I moved to New York City in May 3 2001, but I have to go back a few years to explain why I attempted such an act of insanity.
I had previously lived in Austin, Texas and loved it for what it's worth. I used to work for Top Mark Productions(TMP), a small multimedia company that was in turn acquired by Hovering Creations(HC), a bigger local company in the same line of business. Things never went quite as expected between TMP and HC.
It was surprising for the TMP employees to find that the parent company, despite its glamour and name in the news, was a Texas sized complete mess on the inside. HC was starting to fall apart slowly mostly due to its screwed up culture and lack of understanding of how to maintain a steady pipeline. This weakened state primed HC for acquisition and it was the year 2000, the year of the new Economy, the year of endless needless acquisitions. An environment that was so incestuous in terms of corporations that it made the last days of Rome look conservative and wholesome.
Anyhow, HC was soon acquired by Scalding Corp(SC), a so called premier internet consultancy firm with more than 3000 employees, soaring stock, offices worldwide, and a long list of huge clients.
Normally you would expect all HC employees to be celebrating for 40 days and nights straight about this acquisition considering the salary adjustments, promotions, all expenses paid relocations to other cities. But there was no celebration, there was a huge horrible, ugly silence instead as we all sat at the Waterloo Brewery's theater that could accommodate the HC folk, the TMP folk and all the booze and food that was required to bring HC people to do anything at all (which usually amounts to truck loads of low grade beer and chicken wings). So we sat there as the co-CEO (who needs two people to make bad decisions when just one seems to be doing enough for many corporations --this should have been an early warning.) went on about how the acquisition felt like a Christmas in August, and how this synergy, and that alignment with industry, and global positioning, distributed delivery etc. would make us all rich if we promised to put in the ungodly overtime hours we had become used to during the HC years. I was already getting a migraine from the incessant stream of acronyms...
I had never seen grown men cry like the HC higher ups about the acquisition. If someone that did not know the context saw them they would think that these guys were just fired from their jobs of twenty years. The bemoaning of the acquisition went on for months and never quite died down...for a good reason too.
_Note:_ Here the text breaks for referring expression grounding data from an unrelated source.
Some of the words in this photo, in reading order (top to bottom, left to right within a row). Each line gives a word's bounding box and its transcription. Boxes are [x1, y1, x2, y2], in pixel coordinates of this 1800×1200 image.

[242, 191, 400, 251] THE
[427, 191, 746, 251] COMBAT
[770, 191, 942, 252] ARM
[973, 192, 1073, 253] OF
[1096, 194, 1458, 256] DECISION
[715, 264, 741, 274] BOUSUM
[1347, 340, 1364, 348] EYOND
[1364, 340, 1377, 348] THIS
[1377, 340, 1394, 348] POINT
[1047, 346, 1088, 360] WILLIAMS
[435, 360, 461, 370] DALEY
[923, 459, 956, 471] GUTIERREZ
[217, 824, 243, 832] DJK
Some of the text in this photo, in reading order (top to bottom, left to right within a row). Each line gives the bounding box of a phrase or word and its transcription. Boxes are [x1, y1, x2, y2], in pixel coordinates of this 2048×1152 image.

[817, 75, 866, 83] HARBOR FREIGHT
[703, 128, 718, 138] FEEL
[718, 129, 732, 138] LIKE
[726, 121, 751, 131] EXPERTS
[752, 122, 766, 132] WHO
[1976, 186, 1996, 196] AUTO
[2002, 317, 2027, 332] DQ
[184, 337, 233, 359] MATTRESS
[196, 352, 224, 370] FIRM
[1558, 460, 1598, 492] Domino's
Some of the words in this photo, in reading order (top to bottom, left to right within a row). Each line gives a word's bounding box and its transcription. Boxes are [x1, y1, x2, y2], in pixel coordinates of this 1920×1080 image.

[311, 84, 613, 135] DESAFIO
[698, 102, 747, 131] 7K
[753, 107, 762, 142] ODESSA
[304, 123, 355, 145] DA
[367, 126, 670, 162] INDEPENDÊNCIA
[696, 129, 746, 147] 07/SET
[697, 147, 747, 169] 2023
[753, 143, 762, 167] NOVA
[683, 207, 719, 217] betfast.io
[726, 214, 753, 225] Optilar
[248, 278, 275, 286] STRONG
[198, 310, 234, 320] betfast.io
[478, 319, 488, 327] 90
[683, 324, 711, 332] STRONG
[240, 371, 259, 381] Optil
SC was slowly killing HC with every little policy change, every little tweak, every little alignment and positioning the HC spirit was dying. I think many people that cried, moaned, complained, and barked early on had in some ways foreseen the end of their glory days. Six months after the acquisition, I now understood them. I did, and I somewhat liked the HC people now, partially because they had become the subject of exactly what they did to us, TMP folk.